O tempo extra nos mostrou duas equipes completamente extenuadas e os goleiros Mendy e Gabaski trabalhando bastante. O desgaste físico parecia muito mais presente no Egito, que disputava a sua quarta prorrogação seguida, fato que fazia com que o cenário descrito acima (as bolas longas para Salah brigar contra os zagueiros adversários) ficasse ainda mais claro. Do outro lado, Senegal aproveitava o fôlego trazido pelas entradas de Papa Gueye, Ahmadou Bamba Dieng e Boulaye Dia para pressionar ainda mais os “Faraós” na busca daquele que poderia ser o gol do título inédito. A essa altura, o Egito já marcava muito mal e deixava espaços na frente da sua área. Por mais que Ciss conseguisse levar vantagem sobre Emam Ashour nas jogadas de linha de fundo, Gabaski estava lá para garantir o empate e levar a decisão da Copa Africana de Nações para a marca de cal. Mas a redenção estava vindo.
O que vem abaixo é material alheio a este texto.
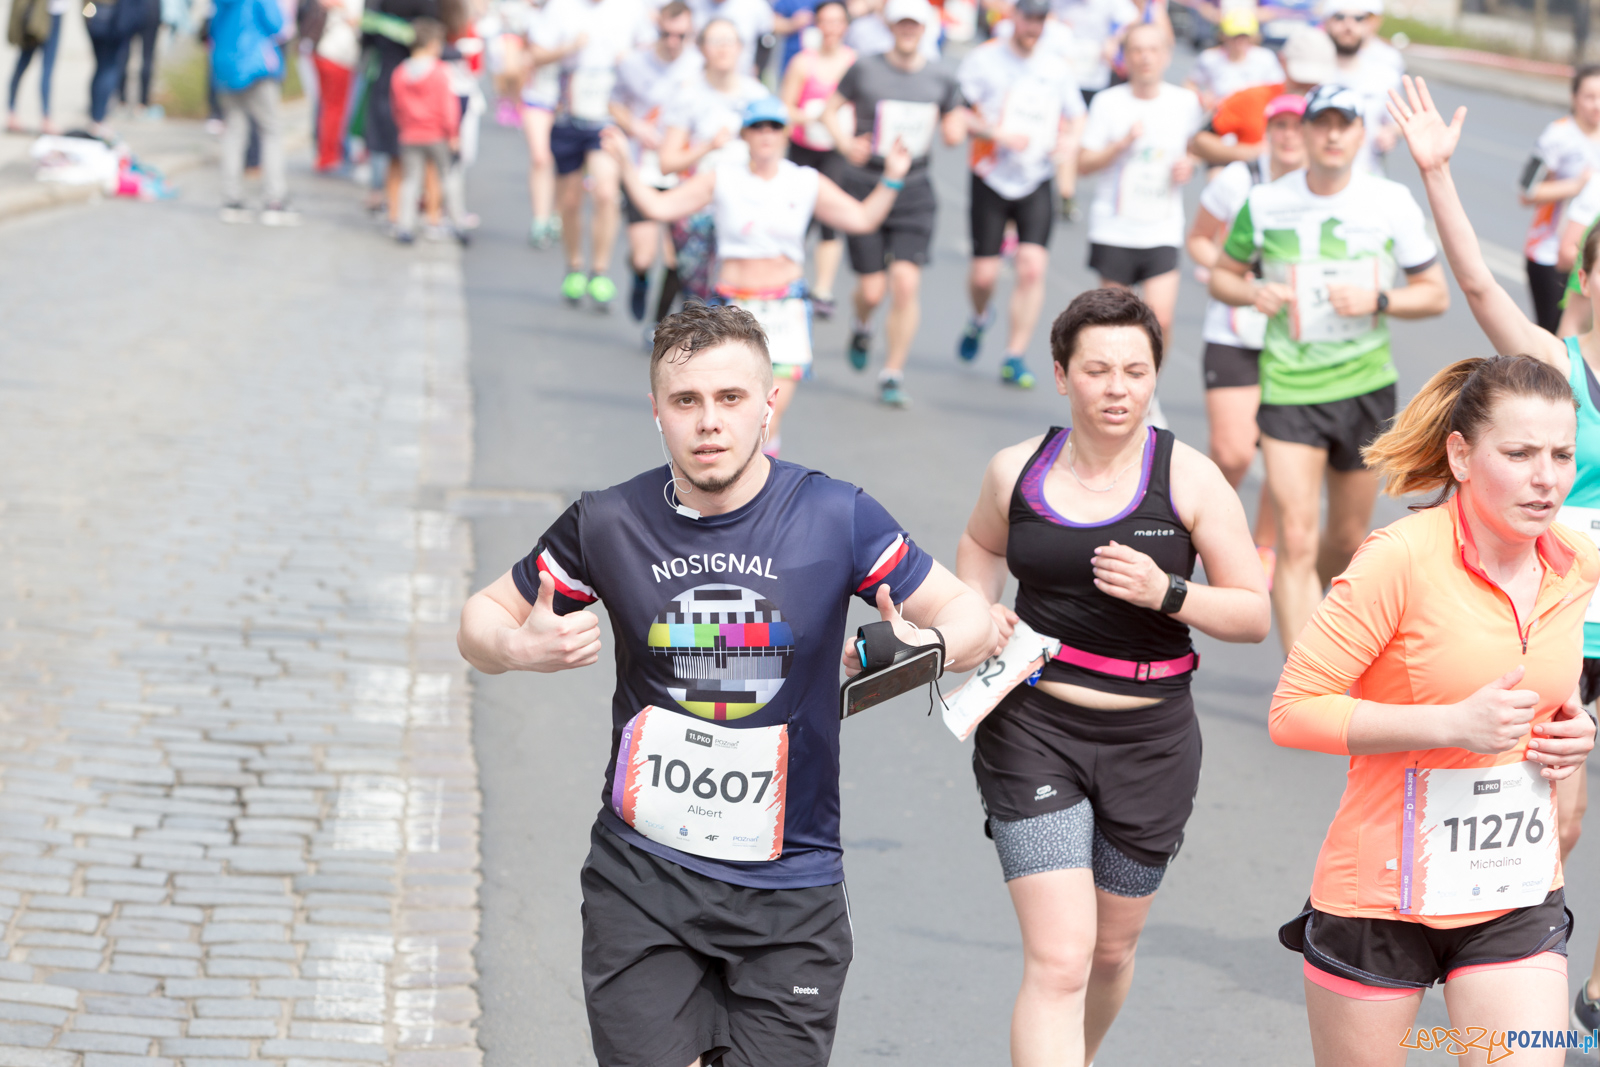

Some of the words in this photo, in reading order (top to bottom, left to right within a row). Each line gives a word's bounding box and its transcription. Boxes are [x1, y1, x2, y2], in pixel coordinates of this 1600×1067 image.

[1133, 528, 1175, 537] martes
[651, 552, 778, 583] NOSIGNAL
[696, 734, 711, 744] PKO
[647, 754, 774, 804] 10607
[1485, 783, 1499, 791] PKO
[687, 804, 722, 819] Albert
[1443, 807, 1544, 853] 11276
[704, 834, 720, 842] 4F
[1470, 857, 1522, 870] Michalina
[1496, 884, 1510, 893] 4F
[793, 985, 819, 995] Reebok
Mas as penalidades também marcaram a redenção de Sadio Mané. Difícil não lembrar da cena do pênalti perdido no início da partida quando o camisa 10 parou no goleiro egípcio. E tinha que ser justamente do maior nome de Senegal o gol do título inédito da Copa Africana de Nações. Não era somente a redenção de um dos maiores jogadores do mundo, mas o prêmio para uma equipe que se manteve fiel ao seu estilo de jogo, foi melhorando no decorrer da competição e ainda apresentou um repertório interessante de jogadas de ataque. Aliás, os “Leões de Teranga” não se resumem a Mané. Há a firmeza de Koulibaly e Diallo na zaga, a segurança de Edouard Mendy no gol, a dinâmica de Idrissa Gueye no meio-campo e a polivalência de Famara Diédhiou no ataque. Fora outros jogadores valiosos e que cumpriram muito bem o planejamento de Aliou Cissé. Estamos falando de um grande time e de um ótimo trabalho.
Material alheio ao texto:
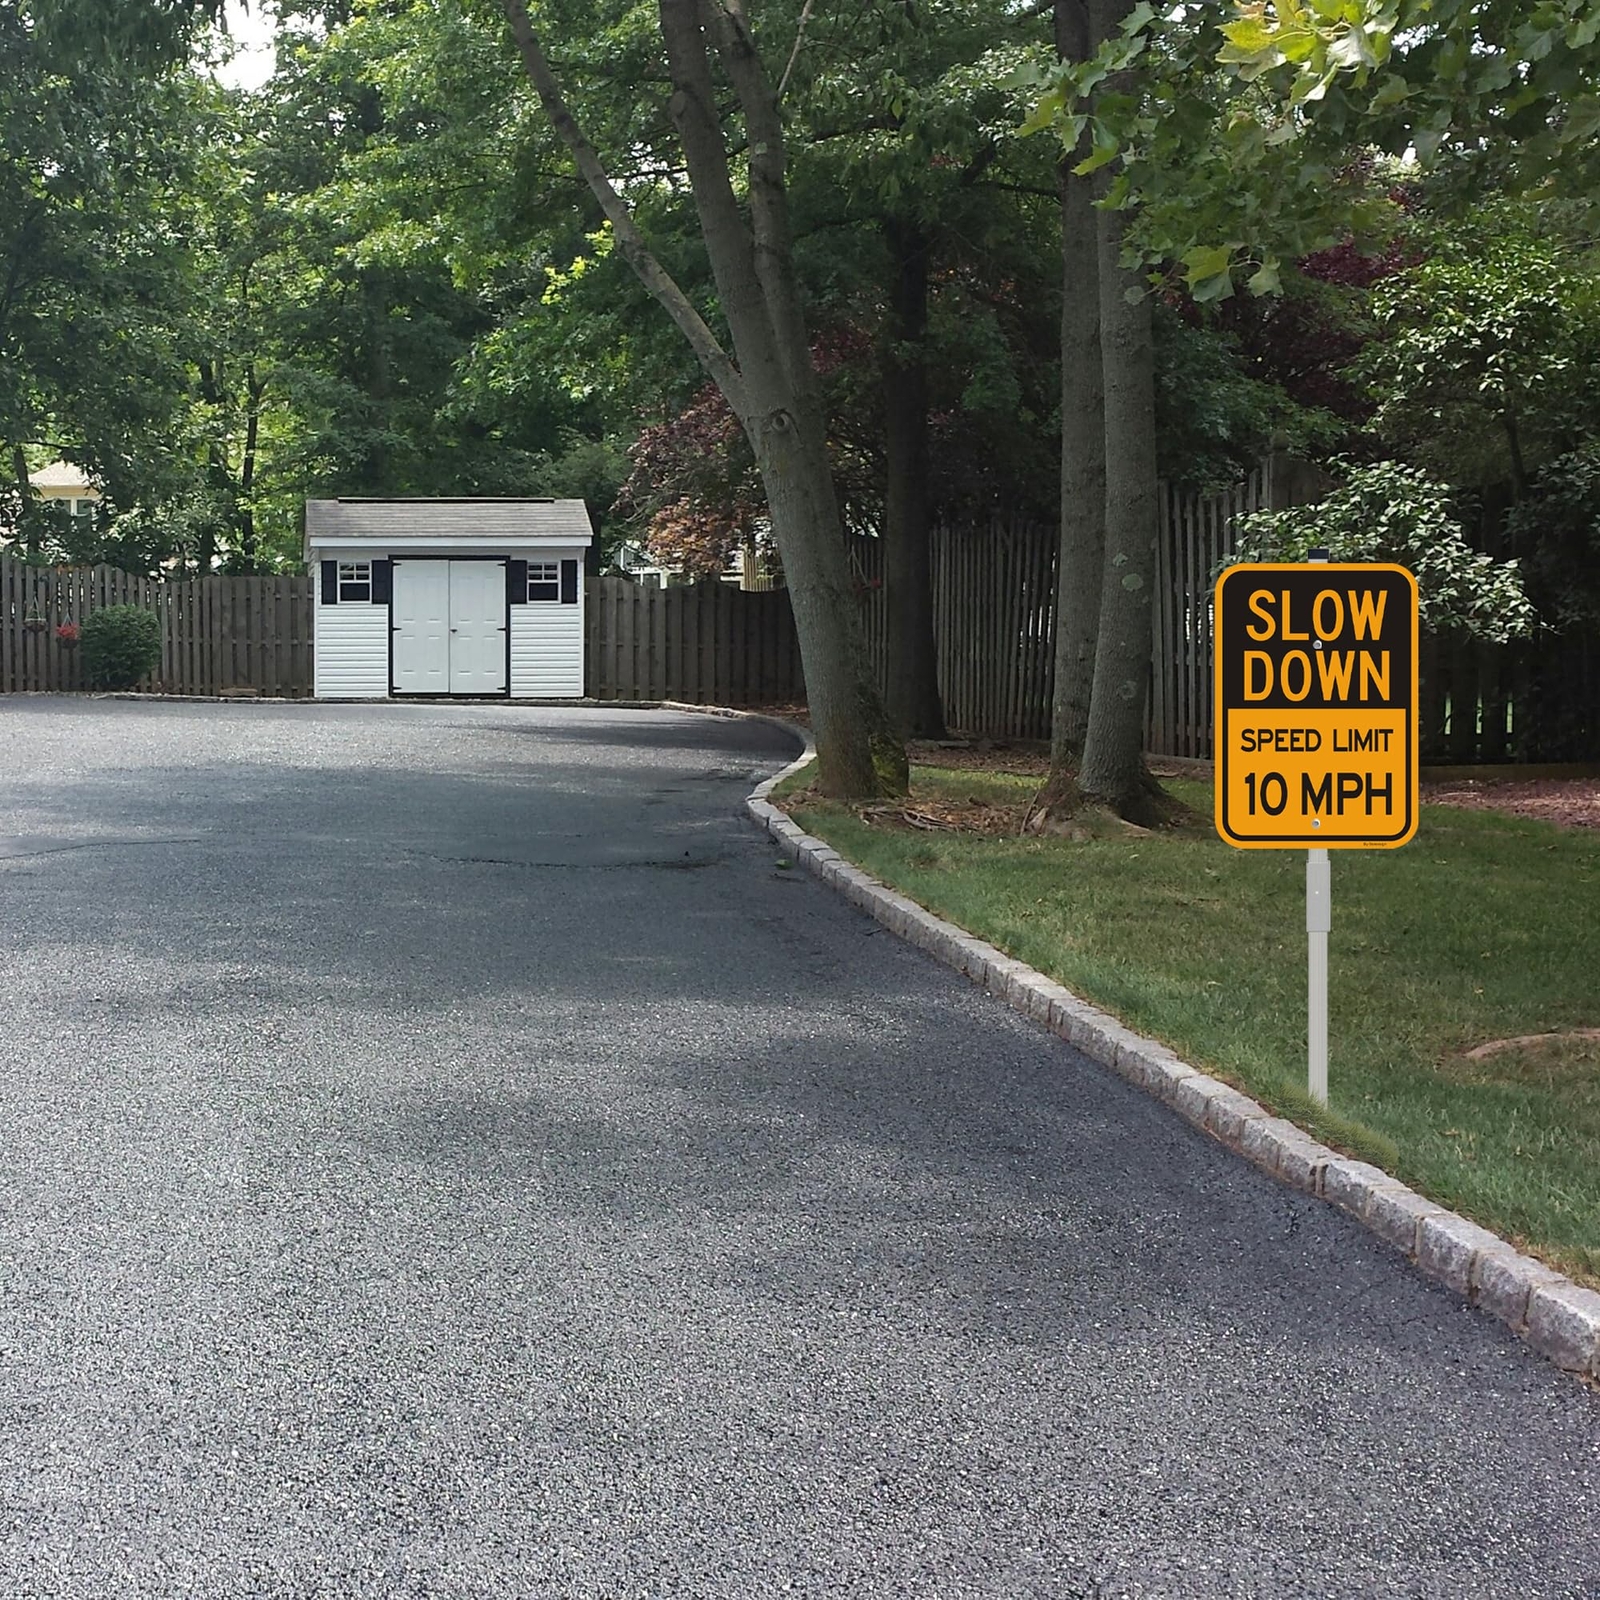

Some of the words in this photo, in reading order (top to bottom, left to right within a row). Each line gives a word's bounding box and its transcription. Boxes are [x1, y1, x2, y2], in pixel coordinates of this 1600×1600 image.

O futebol sempre nos reserva grandes histórias. E a fibra de Senegal durante os 120 minutos mais tensos da história do seu selecionado e a redenção de Sadio Mané vão ser lembrados por muito tempo por todos aqueles que amam o velho e rude esporte bretão. E isso tudo diante de um Egito que caiu de pé e mostrou que também faz parte do grupo de grandes seleções do continente. A incrível saga dos “Leões de Teranga” só comprova como o nosso querido “ludopédio” pode ser maravilhoso.
Em tempo: apenas imaginem como serão os duelos entre egípcios e senegaleses no próximo mês de março. É a vaga na Copa do Mundo que estará em jogo. Sadio Mané ou Mohamed Salah. Apenas um deles vai estar no Mundial do Catar. A saga da Copa Africana de Nações terminou, mas existem outras para serem apreciadas e lembradas no futuro.